━━ Input data

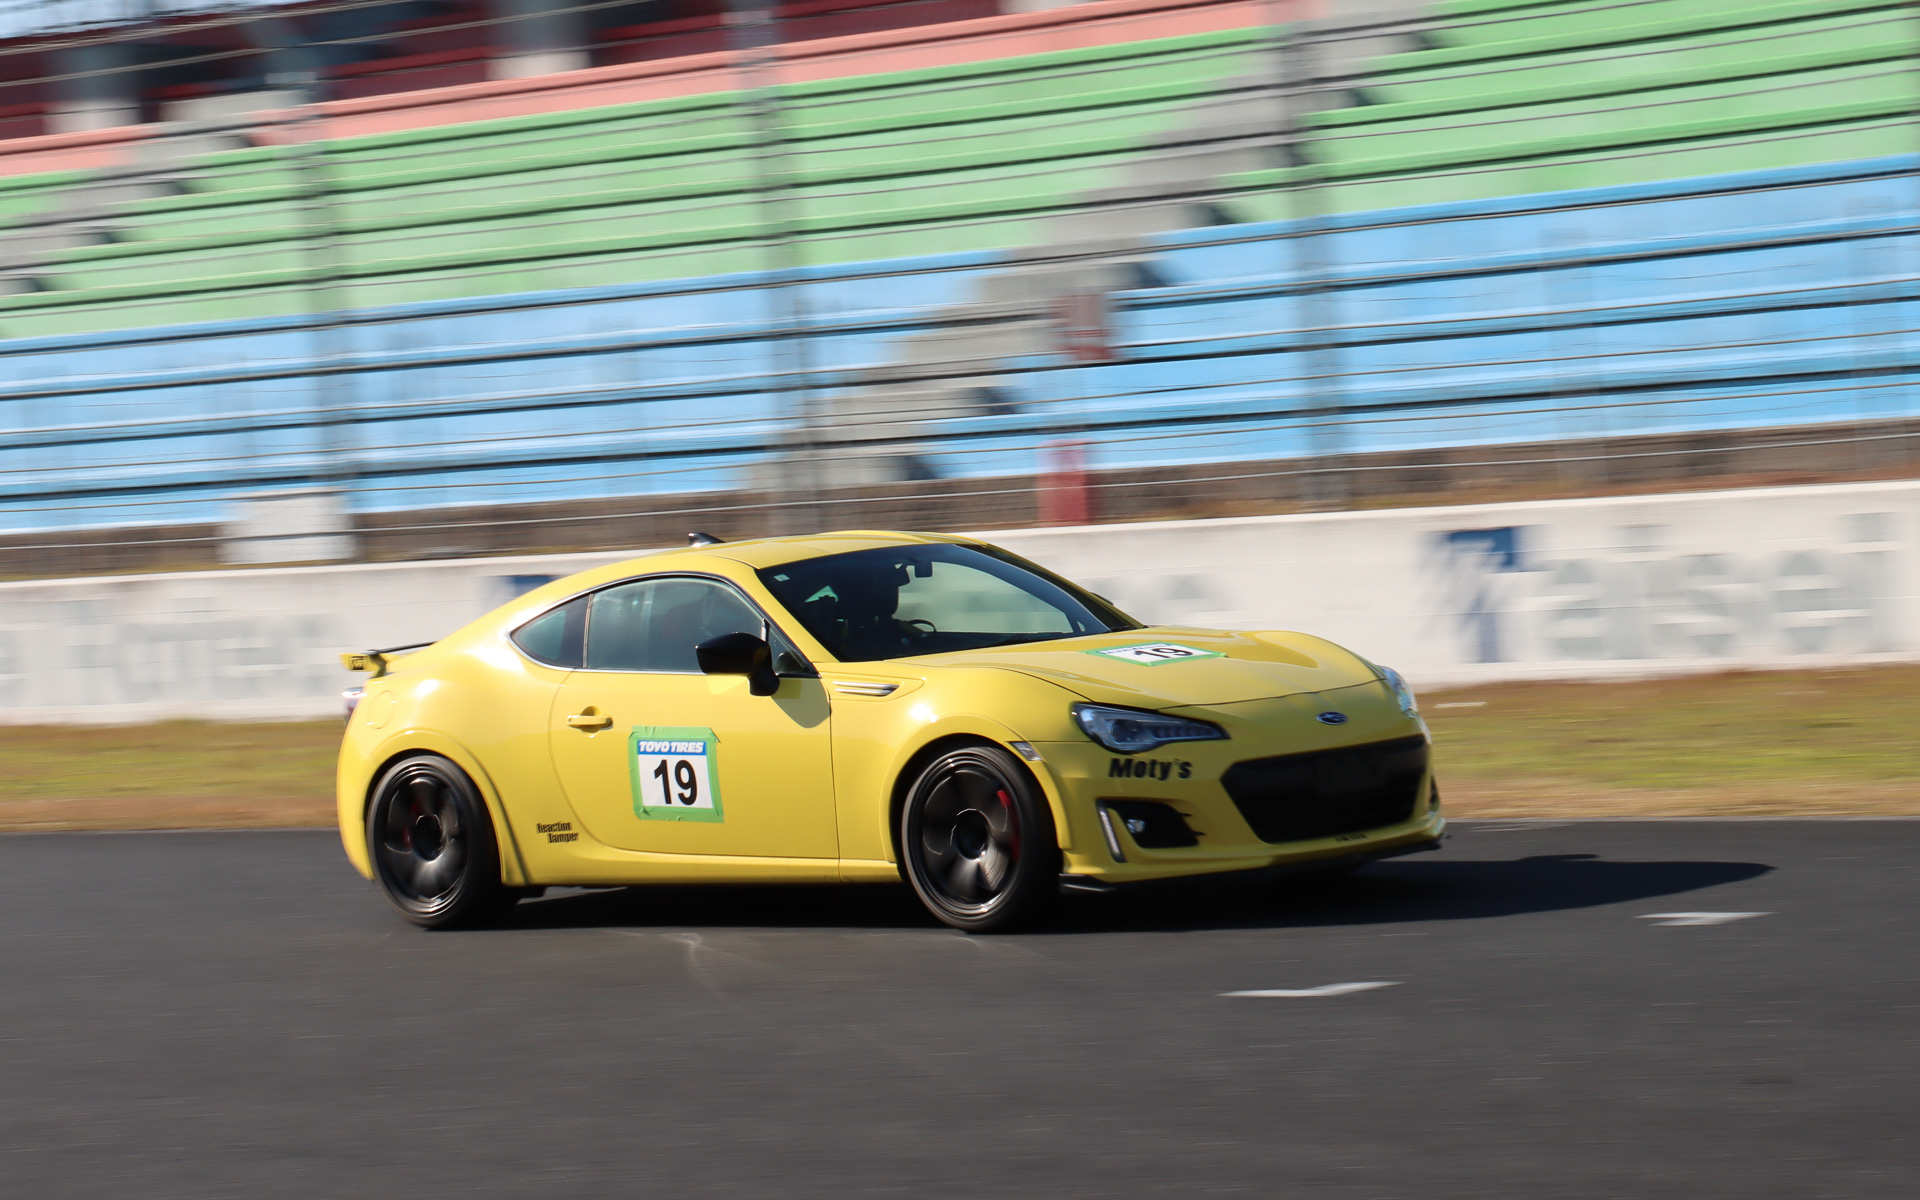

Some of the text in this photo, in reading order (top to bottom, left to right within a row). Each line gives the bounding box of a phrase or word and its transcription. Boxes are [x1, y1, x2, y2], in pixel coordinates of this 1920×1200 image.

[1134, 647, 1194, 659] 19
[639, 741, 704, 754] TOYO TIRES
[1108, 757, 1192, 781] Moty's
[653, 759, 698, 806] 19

━━━━

Write out the whole listing exactly. Pictures stay out.

Some of the text in this photo, in reading order (top to bottom, left to right within a row). Each line gives the bounding box of a phrase or word and its transcription. Boxes are [x1, y1, x2, y2], in pixel coordinates of this 1920×1200 image.

[1134, 647, 1194, 659] 19
[639, 741, 704, 754] TOYO TIRES
[1108, 757, 1192, 781] Moty's
[653, 759, 698, 806] 19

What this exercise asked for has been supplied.